Figure 2. High-resolution video images of a tightly sealed membrane patch and the patch current during brief steps of suction and pressure. (a) and (b), images of the patch before, during and after applying steps of suction (a) and pressure (b). (c) and (d), the patch current recorded in the same patch imaged in (a) and (b), respectively, in response to suction and pressure steps. Modified from Zhang Y and Hamill, OP (2000) On the discrepancy between the whole-cell and membrane patch mechano sensitivity in Xenopus oocytes Journal of Physiology, 523(1): 101–115.

Figure 3. The membrane patch changes morphology during repetitive mechanical stimuli. (a–d) show video images of a cell-attached patch at different times after formation of the tight seal. (e–f) show the current response at the time of images (a) and (d), respectively. Between each image, brief suction pressure/suction protocols pulses were applied causing the membrane to progressively move up the pipette and a clear space developed between the membrane and the underlying cytoplasmic structures. Accompanying this membrane blebbing the mechanosensitive current was reduced in size and fast kinetics. Modified from Zhang Y et al. (2000) Mechanically-gated channel activity in cytoskeleton-deficient plasma membrane blebs and vesicles from Xenopus oocytes Journal of Physiology, 523(1): 117–130.

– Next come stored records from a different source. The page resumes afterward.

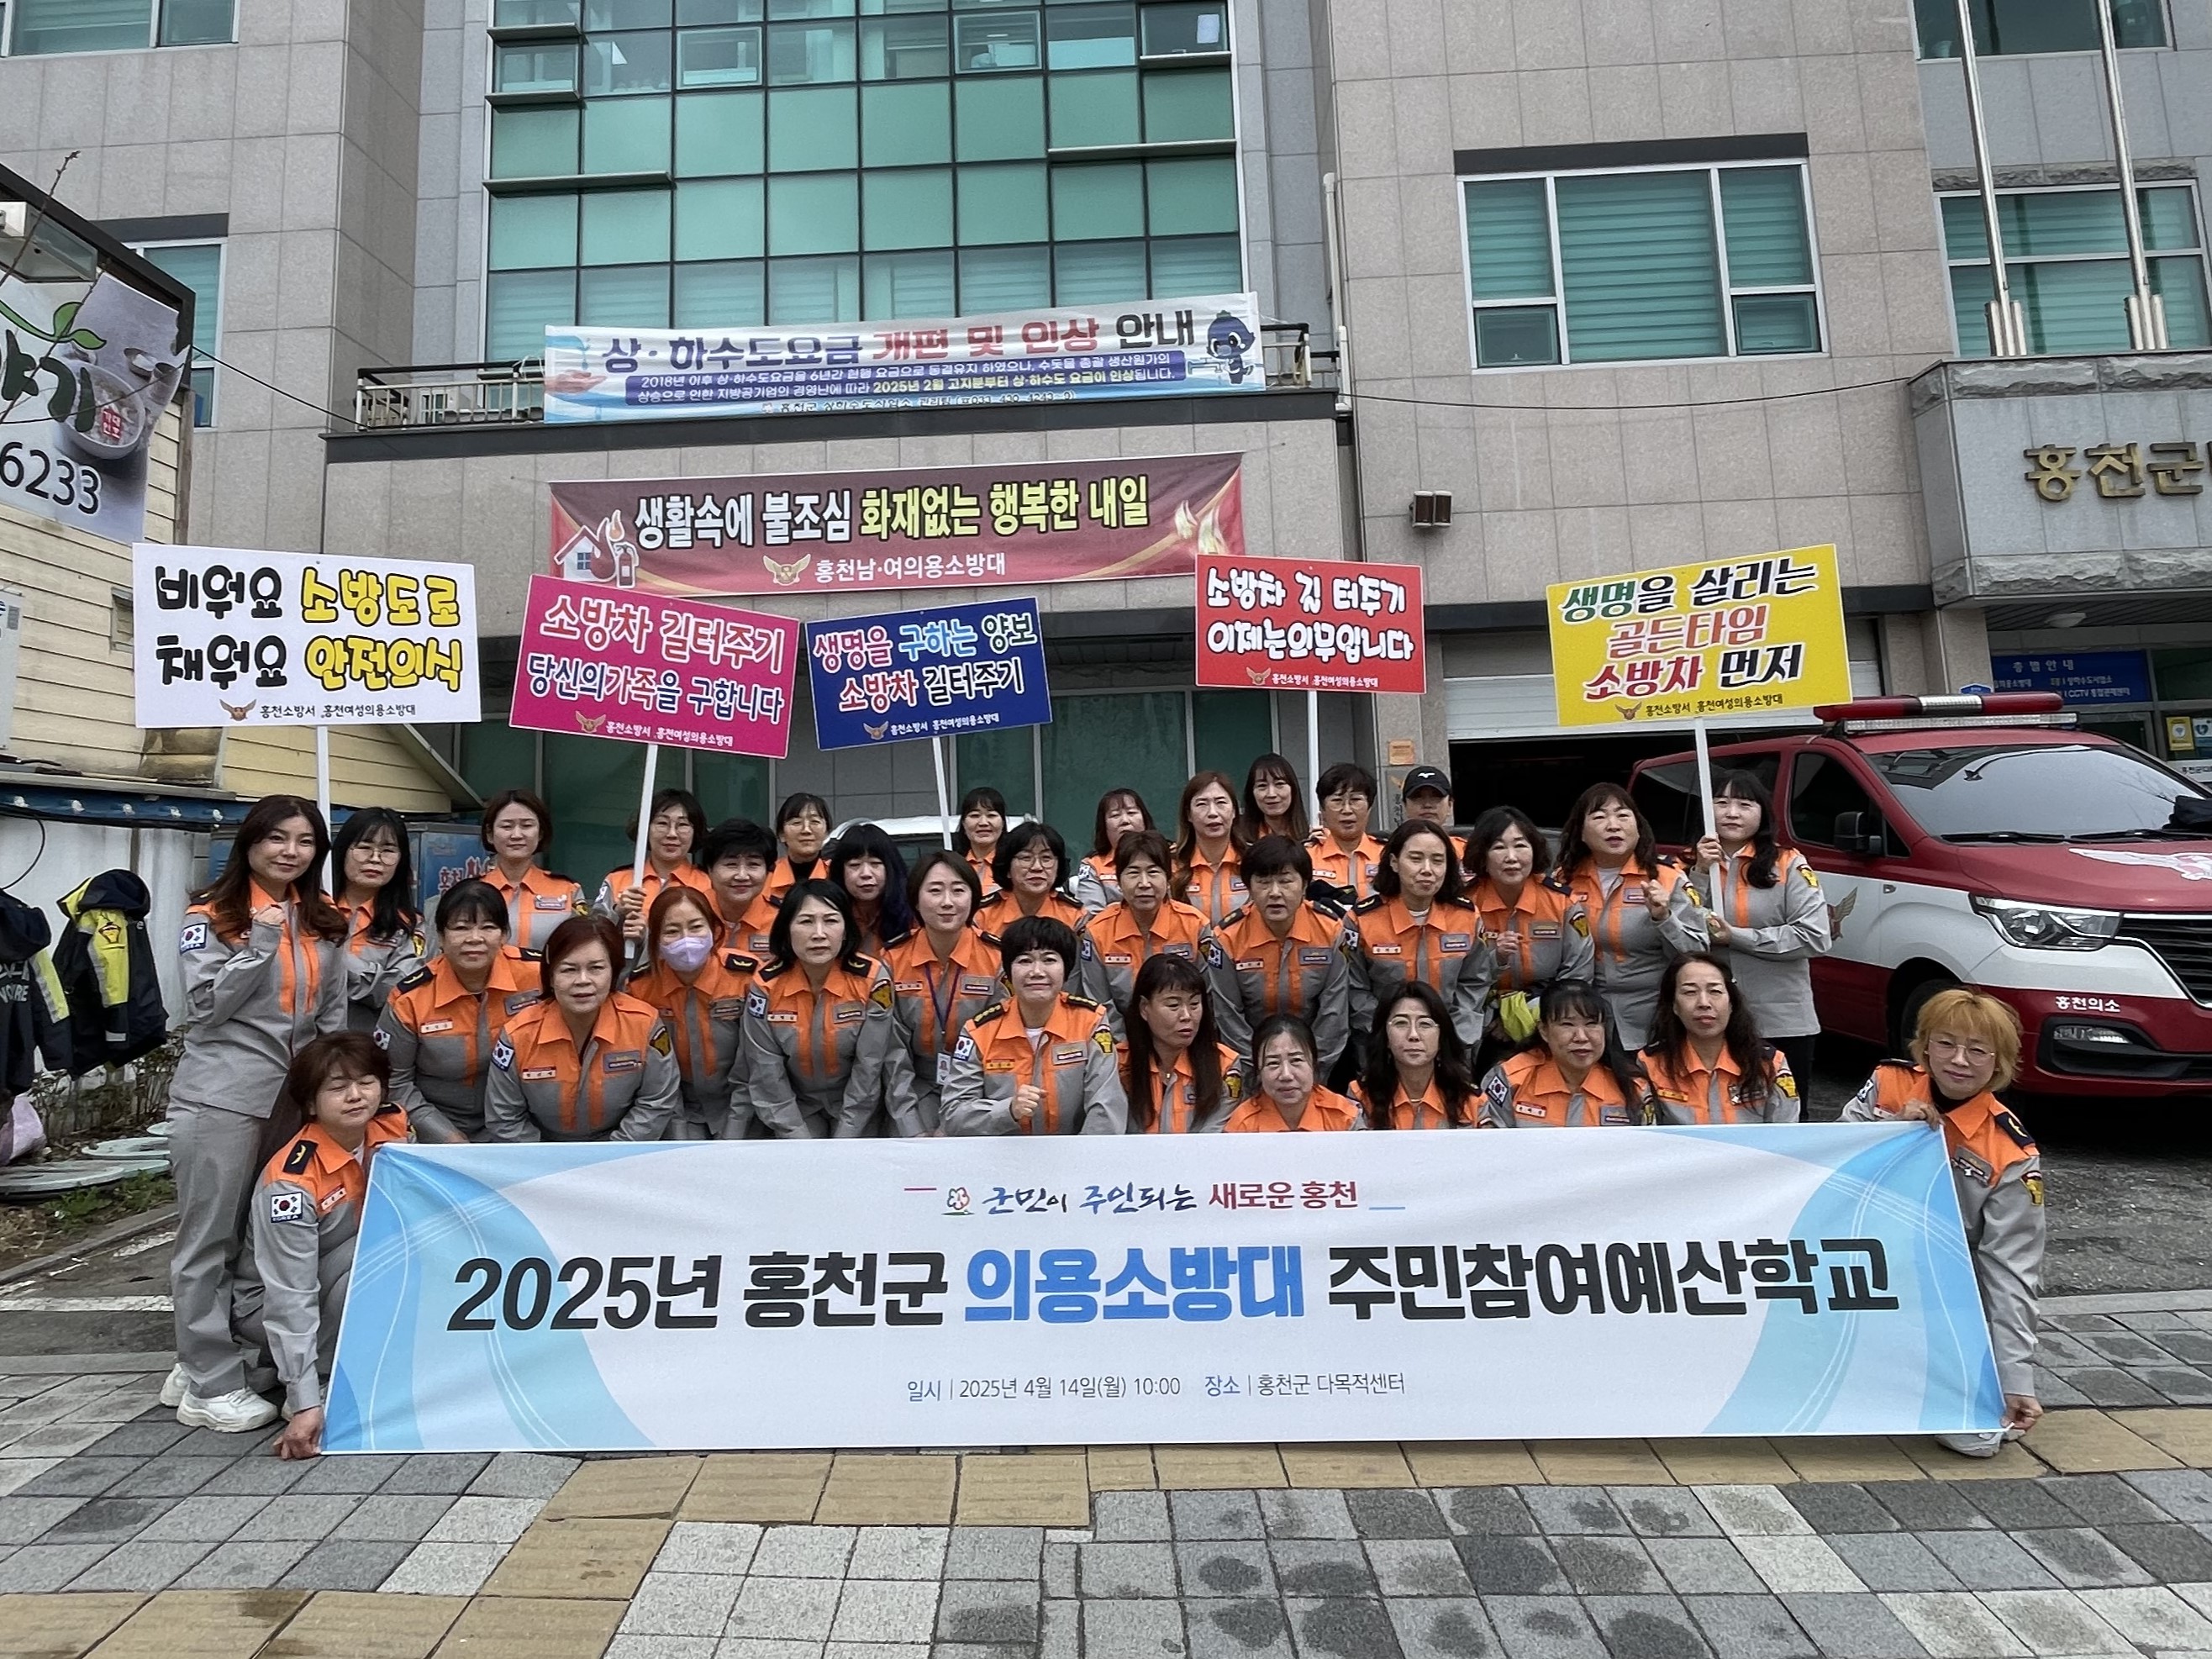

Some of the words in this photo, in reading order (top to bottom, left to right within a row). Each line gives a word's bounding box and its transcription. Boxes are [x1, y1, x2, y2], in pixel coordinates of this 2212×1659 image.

[872, 328, 950, 361] 개편
[968, 324, 1003, 358] 및
[1022, 317, 1099, 356] 인상
[1116, 308, 1194, 350] 안내
[638, 390, 685, 403] 상승으로
[689, 389, 713, 402] 인한
[717, 385, 789, 401] 지방공기업의
[793, 383, 841, 398] 경영난에
[845, 382, 869, 395] 따라
[873, 379, 921, 394] 2025년
[923, 377, 945, 392] 2월
[947, 376, 1009, 392] 고지분부터
[1069, 370, 1106, 385] 요금이
[1109, 367, 1176, 383] 인상됩니다.
[641, 377, 685, 389] 2018년
[689, 375, 712, 387] 이후
[810, 368, 844, 382] 6년간
[875, 365, 925, 378] 요금으로
[982, 359, 1035, 374] 하였으나,
[1108, 352, 1170, 368] 생산원가의
[1, 441, 100, 515] 6233
[2024, 441, 2212, 502] 홍천군
[635, 492, 755, 550] 생활속에
[762, 488, 853, 545] 불조심
[859, 484, 981, 540] 화재없는
[989, 477, 1080, 536] 행복한
[1089, 474, 1150, 529] 내일
[814, 552, 1007, 583] 홍천남·여의용소방대
[1206, 566, 1288, 612] 소방차
[1294, 571, 1323, 614] 길
[1331, 573, 1407, 618] 터주기
[1561, 575, 1676, 624] 생명을
[1690, 557, 1819, 608] 살리는
[155, 565, 282, 620] 비워요
[301, 566, 461, 629] 소방도로
[540, 594, 653, 656] 소방차
[658, 610, 786, 675] 길터주기
[813, 624, 893, 674] 생명을
[898, 619, 978, 662] 구하는
[981, 613, 1038, 655] 양보
[1206, 616, 1416, 664] 이제는의무입니다
[1609, 604, 1767, 660] 골든타임
[156, 635, 287, 690] 채워요
[304, 635, 464, 693] 안전의식
[839, 668, 919, 714] 소방차
[922, 656, 1025, 707] 길터주기
[1272, 672, 1309, 687] 홍천소방서
[1312, 674, 1379, 688] 홍천여성의용소방대
[1585, 655, 1704, 701] 소방차
[1720, 643, 1804, 688] 먼저
[259, 704, 315, 719] 홍천소방서
[323, 703, 417, 719] 홍천여성의용소방대
[687, 676, 786, 724] 구합니다
[1646, 703, 1691, 717] 홍천소방서
[1696, 693, 1783, 714] 홍천여성의용소방대
[2069, 688, 2089, 698] CCTV
[605, 721, 651, 738] 홍천소방서
[656, 726, 734, 747] 홍천여성의용소방대
[890, 721, 929, 736] 홍천소방서
[932, 713, 1000, 731] 홍천여성의용소방대
[2056, 994, 2121, 1014] 홍천의소
[982, 1186, 1068, 1216] 군민이
[1078, 1182, 1198, 1215] 주인되는
[1209, 1182, 1294, 1210] 새로운
[1300, 1181, 1358, 1209] 홍천
[447, 1253, 719, 1333] 2025년
[743, 1250, 949, 1327] 홍천군
[964, 1245, 1306, 1325] 의용소방대
[1328, 1237, 1900, 1321] 주민참여예산학교
[907, 1379, 942, 1403] 일시
[959, 1376, 1018, 1398] 2025년
[1023, 1375, 1053, 1398] 4월
[1058, 1374, 1128, 1398] 14일(월)
[1133, 1375, 1181, 1396] 10:00
[1204, 1374, 1242, 1396] 장소
[1257, 1373, 1311, 1397] 홍천군
[1316, 1372, 1406, 1396] 다목적센터

Figure 4. Schematic representation of the procedures used to form the different patch-clamp configurations. To obtain the cell-attached patch configuration the pipette tip is pressed against the cell and suction applied to the pipette interior (top figures). To form the inside-out patch the pipette is pulled away from the cell leaving a vesicle tightly sealed in the tip. The pipette tip is then briefly passed through the solution–air interface, which acts to disrupt the outer membrane of the vesicle (right hand figures). To form the outside-out patch, stronger suction is applied to the cell-attached patch until it ruptures gaining access to the inside of the cell. The pipette is then pulled away from the cell leaving the outer membrane face facing out and exposed to the external bath solution. Modified from Hamill et al. (1981).

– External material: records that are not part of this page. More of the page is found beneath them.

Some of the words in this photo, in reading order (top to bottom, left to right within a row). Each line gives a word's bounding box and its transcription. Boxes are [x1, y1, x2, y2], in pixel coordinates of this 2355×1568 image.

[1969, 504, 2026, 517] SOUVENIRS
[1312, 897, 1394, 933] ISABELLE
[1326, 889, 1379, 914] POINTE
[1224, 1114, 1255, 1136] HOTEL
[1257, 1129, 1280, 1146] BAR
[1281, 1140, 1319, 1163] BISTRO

Figure 5. Patch-clamp recording can be used to identify different types of coupling between receptors and channels. Each panel shows a cell-attached patch with a specific type of coupling between the channel and receptor. (a) Intrinsic coupling in which the receptor and channel are part of the same molecule. (b) 2nd messenger coupling in which activation of the receptor results in synthesis or release of a soluble 2nd messenger that can diffuse significant distance to activate the channel. (c) Membrane delimited coupling in which a structural component of the receptor dissociates from the receptor and diffuses within the membrane to activate channels in close proximity. (d) Conformational coupling in which a structural change in the receptor is directly transmitted to the channel molecule. In (a), (b) and (c) inclusion of agonist in the pipette activates the channel but bath-applied agonist only activates the channel in (b) because in this case the soluble 2nd messenger is able to diffuse into the patch and reach the channel. In (d) agonist included in either the pipette or the bathing solution may fail to activate the channel in the patch because the process of tight sealing physically disrupts the coupling between receptor and channel.